An estimated 80% of IoT devices are vulnerable to a wide range of attacks. Clearly, connecting traditionally ‘stand-alone’ smart devices such as lights, appliances and locks introduces numerous cyber security risks. Even connected baby monitors are vulnerable to digital intruders, as a number of horrified parents belatedly discovered when hackers spoke to their young children via compromised devices. Common cyber security threats and attacks against smart home devices include: Man-in-the-middle: An attacker breaches, interrupts or spoofs communications between two systems. For example, fake temperature data ‘generated’ by an environmental monitoring device can be spoofed and forwarded to the cloud. Similarly, an attacker can disable vulnerable HVAC systems during a heat wave, creating a disastrous scenario for service providers with affected models.
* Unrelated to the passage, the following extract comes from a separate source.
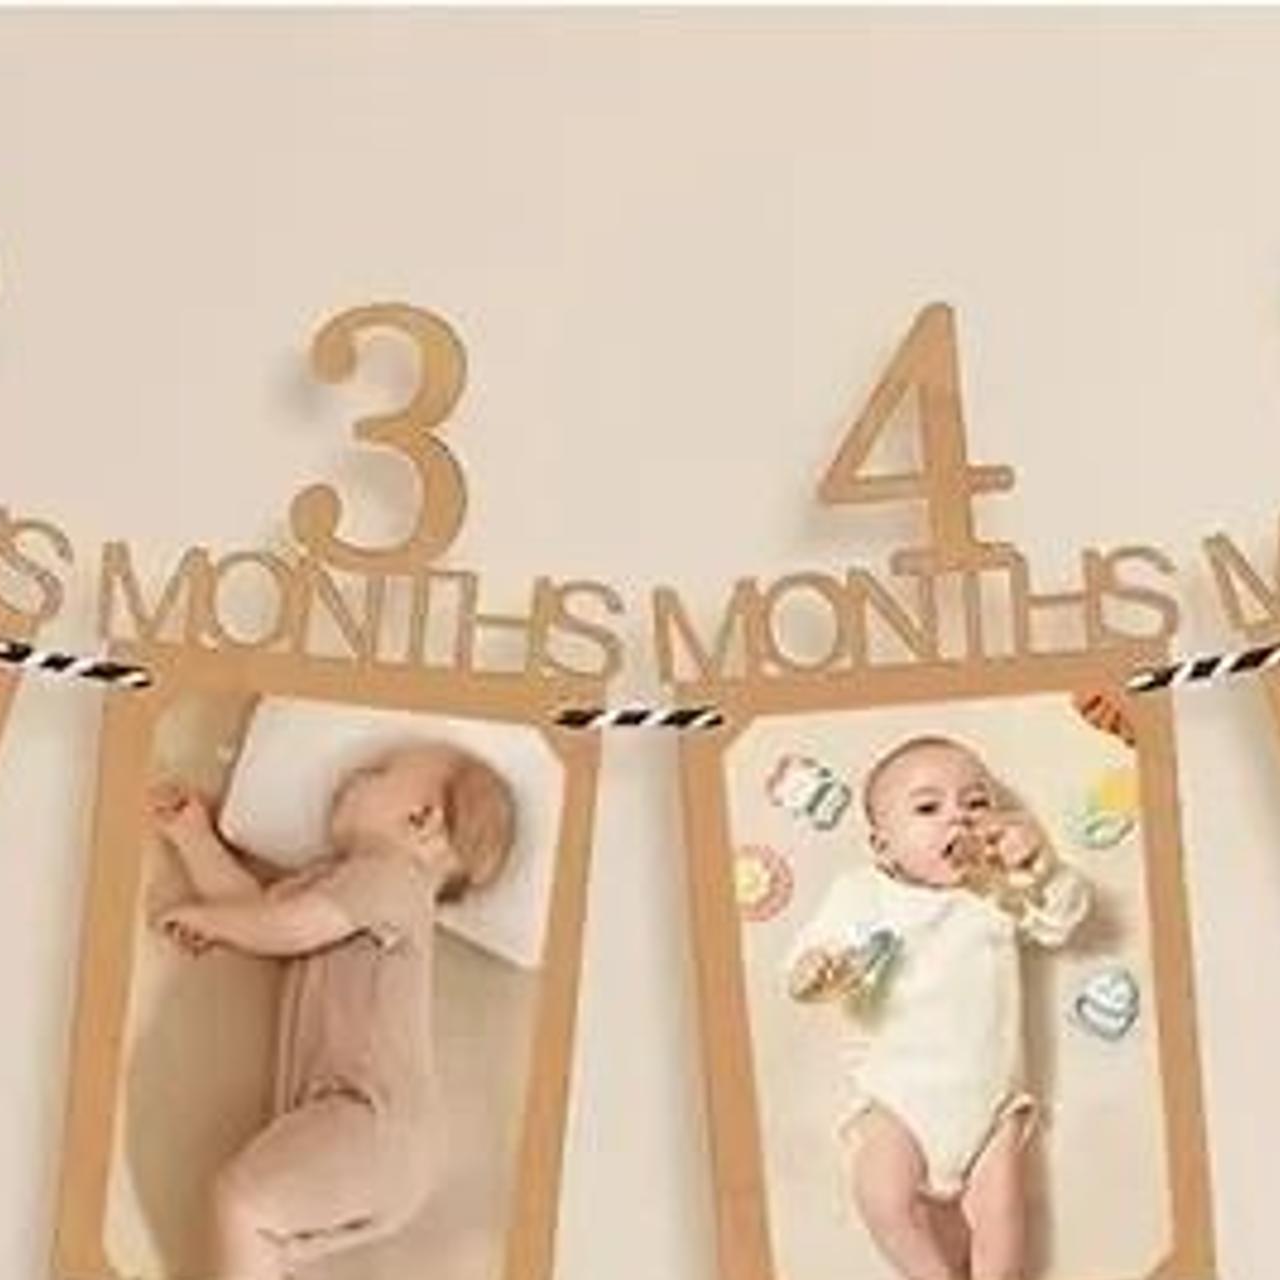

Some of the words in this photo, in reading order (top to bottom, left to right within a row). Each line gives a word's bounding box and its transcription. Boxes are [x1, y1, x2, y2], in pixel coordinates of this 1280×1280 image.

[290, 302, 468, 572] 3
[817, 302, 1014, 573] 4
[100, 542, 623, 681] MONTHS
[654, 546, 1180, 683] MONTHS
- Data and identity theft: Data generated by unprotected wearables and smart appliances provide cyber attackers with an ample amount of targeted personal information that can potentially be exploited for fraudulent transactions and identify theft.
- Device hijacking: The attacker hijacks and effectively assumes control of a device. These attacks are quite difficult to detect because the attacker does not change the basic functionality of the device. Moreover, it only takes one device to potentially re-infect all smart devices in the home. For example, an attacker who initially compromises a thermostat can theoretically gain access to an entire network and remotely unlock a door or change the keypad PIN code to restrict entry.
- Distributed Denial of Service (DDoS): A denial-of-service attack (DoS attack) attempts to render a machine or network resource unavailable to its intended users by temporarily or indefinitely disrupting services of a host connected to the Internet. In the case of a distributed denial-of-service attack (DDoS), incoming traffic flooding a target originates from multiple sources, making it difficult to stop the cyber offensive by simply blocking a single source. In fact, DDoS attacks are rising rapidly, primarily due to the lack of security in IoT Devices. The Mirai botnet attack was a massive distributed DDoS attack that left much of the internet inaccessible on the US east coast.
- Permanent Denial of Service (PDoS): Permanent denial-of-service attacks (PDoS), also known as phlashing, is an attack that damages the device so badly that it requires replacement or reinstallation of hardware. BrickerBot, coded to exploit hard-coded passwords in IoT devices and cause permanent denial of service, is one such example. Another example could see fake data fed to thermostats in an attempt to cause irreparable damage via extreme overheating.